Un héros qui ne perdait jamais.
Un héros auquel Priam ne s'était jamais identifié. Trop différent de lui, trop irréprochable. Cet héros-là n'avait pas la peau sombre, il ne rasait pas les murs de son palais, il ne se tassait pas sous le poids des moqueries. Cet héros n'avait de cesse de rappeler à l'adolescent qu'il n'avait rien d'un de ces modèles rigoureusement identiques. Pire, qu'il avait grandi sans ces exemples, sans un père, sans une mère. Il n'y avait que Calypso et Lyssandre pour jouer ces rôles, pour servir de repères.

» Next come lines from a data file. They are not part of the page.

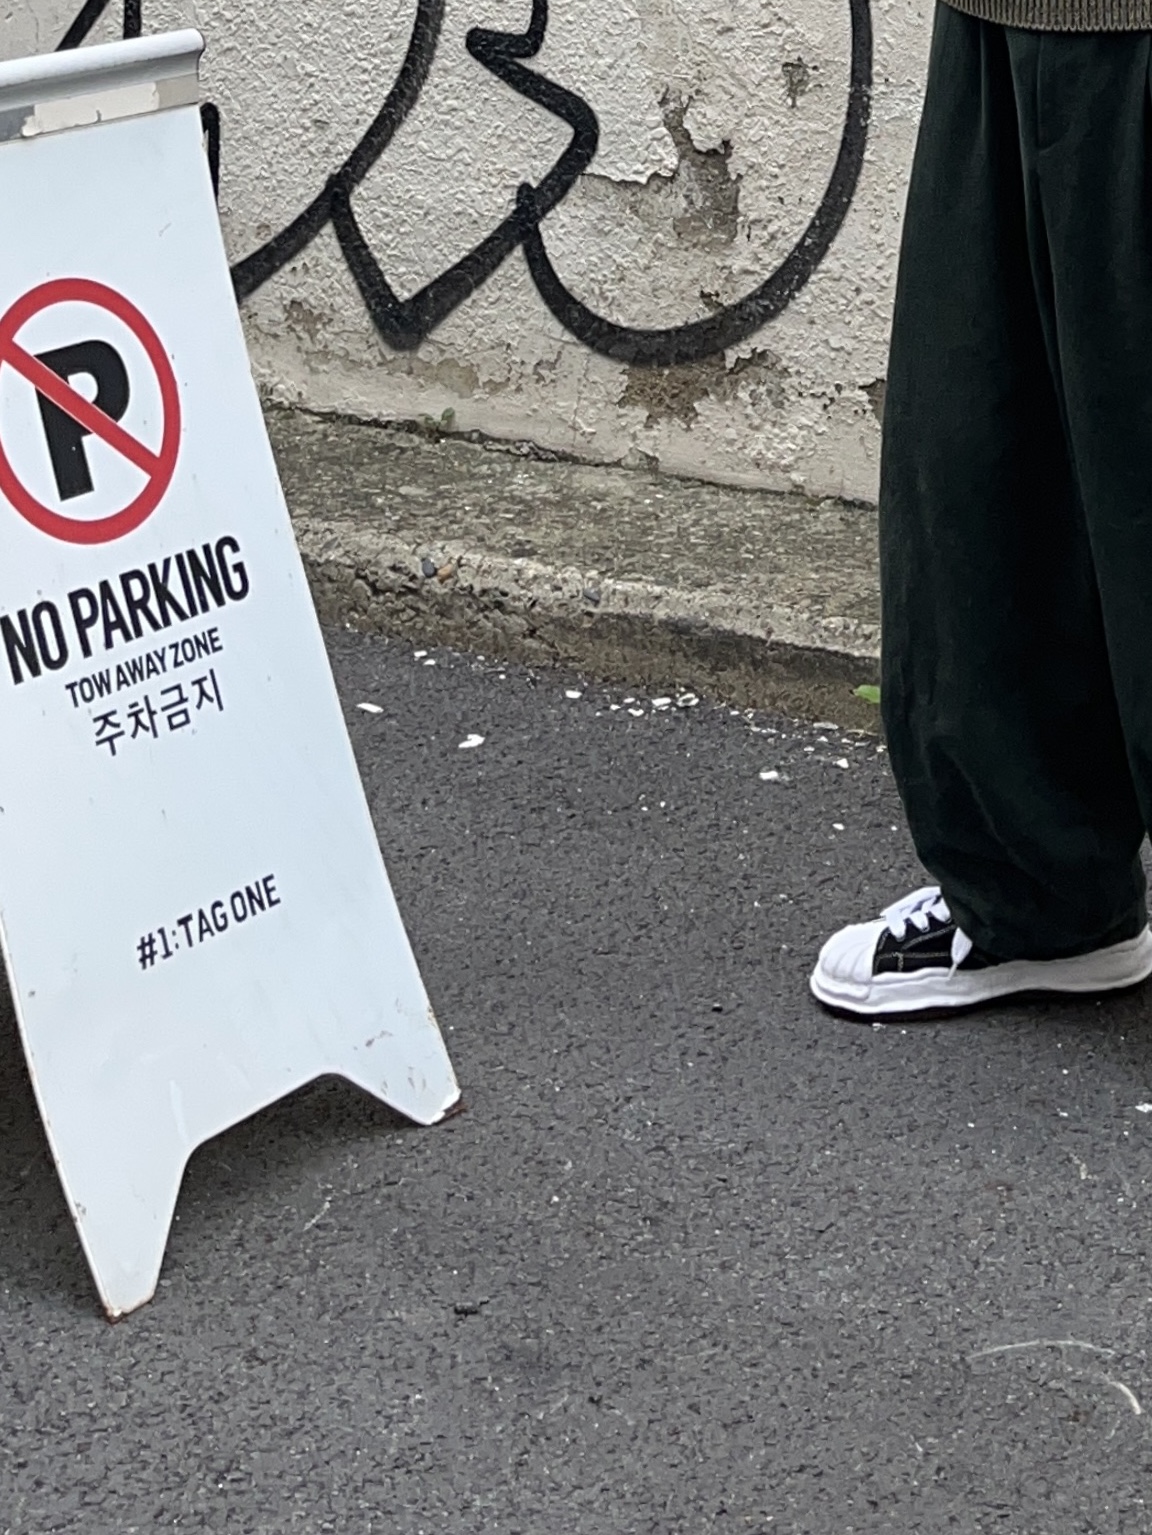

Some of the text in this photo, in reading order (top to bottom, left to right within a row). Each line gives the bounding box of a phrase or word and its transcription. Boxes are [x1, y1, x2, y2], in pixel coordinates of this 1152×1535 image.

[34, 339, 130, 502] P
[0, 535, 250, 686] NO PARKING
[65, 627, 224, 708] TOW AWAY ZONE
[92, 668, 225, 757] 주차금지
[136, 873, 281, 971] #1:TAG ONE
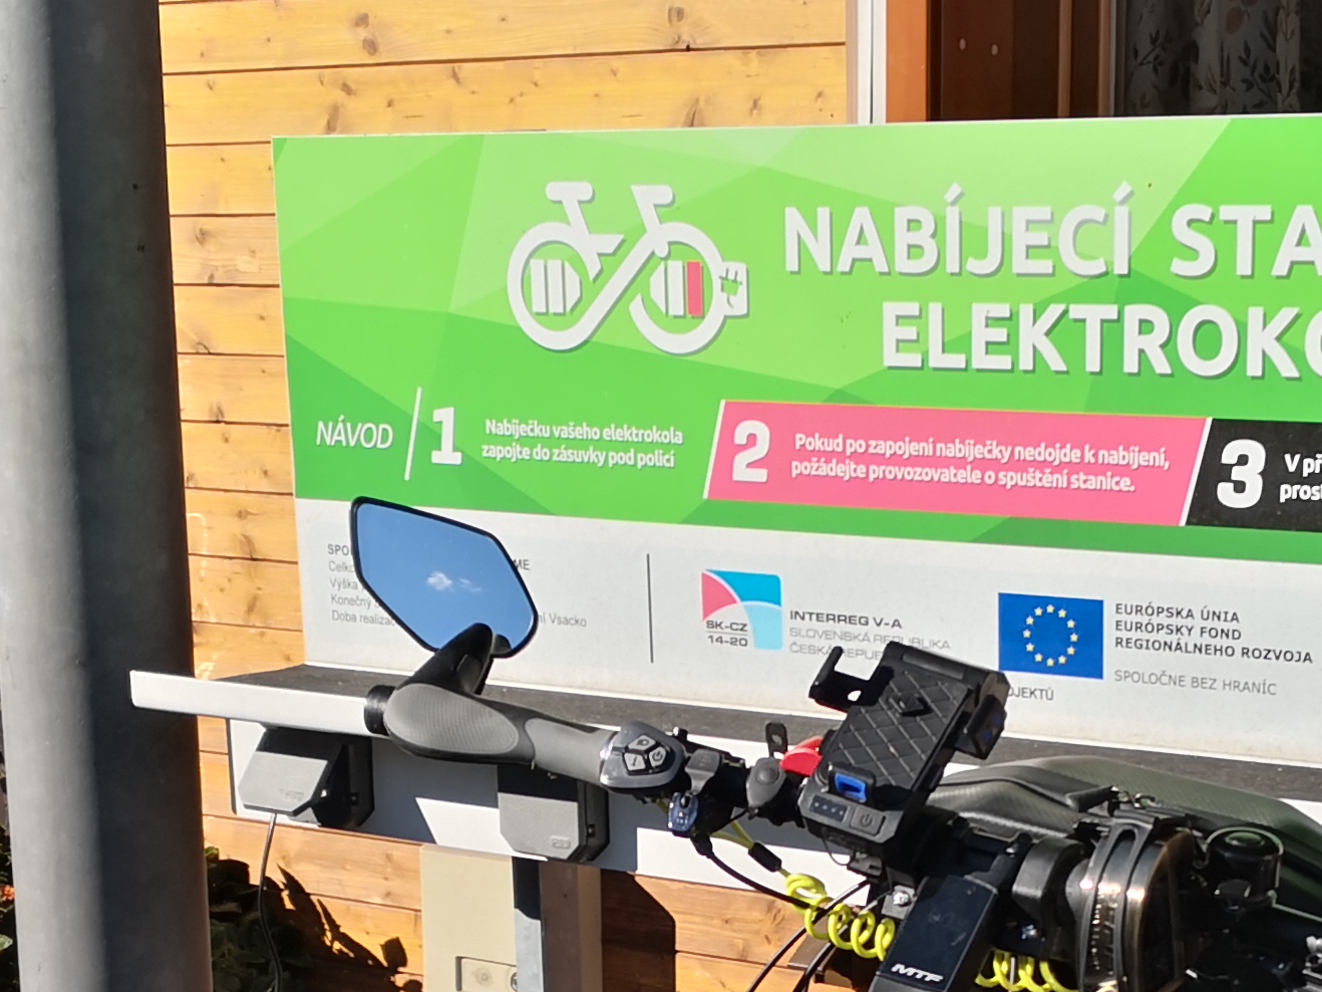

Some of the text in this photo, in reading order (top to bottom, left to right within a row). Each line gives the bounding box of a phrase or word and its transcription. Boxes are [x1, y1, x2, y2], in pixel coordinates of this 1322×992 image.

[784, 181, 1133, 278] NABÍJECÍ
[316, 415, 394, 450] NÁVOD
[431, 407, 463, 466] 1
[485, 418, 683, 445] Nabíječku vašeho elektrokola
[481, 443, 530, 462] zapojte
[532, 443, 550, 462] do
[553, 445, 606, 468] zásuvky
[608, 447, 634, 468] pod
[732, 419, 770, 483] 2
[795, 433, 1170, 471] Pokud po zapojení nabíječky nedojde k nabíjení,
[1284, 453, 1301, 473] V
[791, 457, 1136, 492] požádejte provozovatele o spuštění stanice.
[1217, 439, 1266, 509] 3
[327, 543, 350, 556] SPO
[332, 609, 357, 623] Doba
[548, 612, 588, 629] Vsacko
[789, 610, 903, 630] INTERREG V-A
[1115, 602, 1240, 623] EURÓPSKA ÚNIA
[706, 619, 749, 633] SK-CZ
[789, 626, 870, 644] SLOVENSKÁ
[1115, 619, 1242, 641] EURÓPSKY FOND
[707, 634, 749, 648] 14-20
[1115, 636, 1313, 664] REGIONÁLNEHO ROZVOJA
[1114, 669, 1277, 696] SPOLOČNE BEZ HRANÍC
[890, 963, 944, 982] MTF

Eux non plus ne brillaient pas toujours dans leur rôle. La tante jurait, incendiait de propos fleuris quiconque s'adressait à elle lorsqu'elle se présentait de mauvaise humeur. Le roi échouait, souvent, il essayait sans cesse. Peut-être qu'au fond, c'était encore cela, un modèle, et pas une de ces figures fictives et inatteignables.
Il y eut soudain un souffle. Depuis son repère, à l'orée du campement, Priam referma ses doigts sur son poignard. Derrière son dos, une branche craqua et le cœur de l'adolescent manqua un battement. Il se retourna, prêt à abattre son arme, lorsqu'il reconnut le garçon de Déalym.
Celui qui, comme lui, avait eu le malheur de naître avec la peau trop sombre.
Priam avait appris qu'il se nommait Ralfha et qu'il comptait une quinzaine d'années. Tout comme le prince, il était capable de la plus grande discrétion et, même lorsqu'on semblait lui autoriser la parole, il ne la prenait qu'à de rares occasions. Au goût de Priam, sa parole n'en était que plus authentique, plus précieuse.
— Tu fais une bien peureuse sentinelle.
— Tu m'as surpris, maugréa Priam, entre ses dents.
Debout là où le bâtard se tenait à demi allongé, l'inconnu s'accroupit. Le silence s'installa à nouveau, plus pesant encore qu'un instant plus tôt. Le garçon pinça les lèvres, conscient que cette entrée en matière n'était pas la plus efficace qui soit, surtout pour nouer un premier contact. Il tâcha de se rattraper :
— Désolé. Je ne pensais pas que tu serais encore là.
— Où veux-tu que je sois ?
Priam réalisa son indélicatesse et ajouta, à son interrogation, un petit sourire navré. L'autre avait haussé les épaules.
— Je pensais aussi que tu étais parti.
— Je ne peux pas. Ce n'est pas moi qui décide. Je rentrerai à Déalym lorsqu'ils l'auront décidé.
— Qui ? Qui sont ces « ils » ?
— J'appartenais au seigneur Närim de Déalym, souffla Ralfha.
— Il est mort, maintenant.
Nouvel haussement d'épaules. Le garçon arracha une touffe d'herbe devant lui et contempla les tentes devant lui. Des tentes fantômes, dont les formes semblaient presque s'agiter au plus profond de la nuit.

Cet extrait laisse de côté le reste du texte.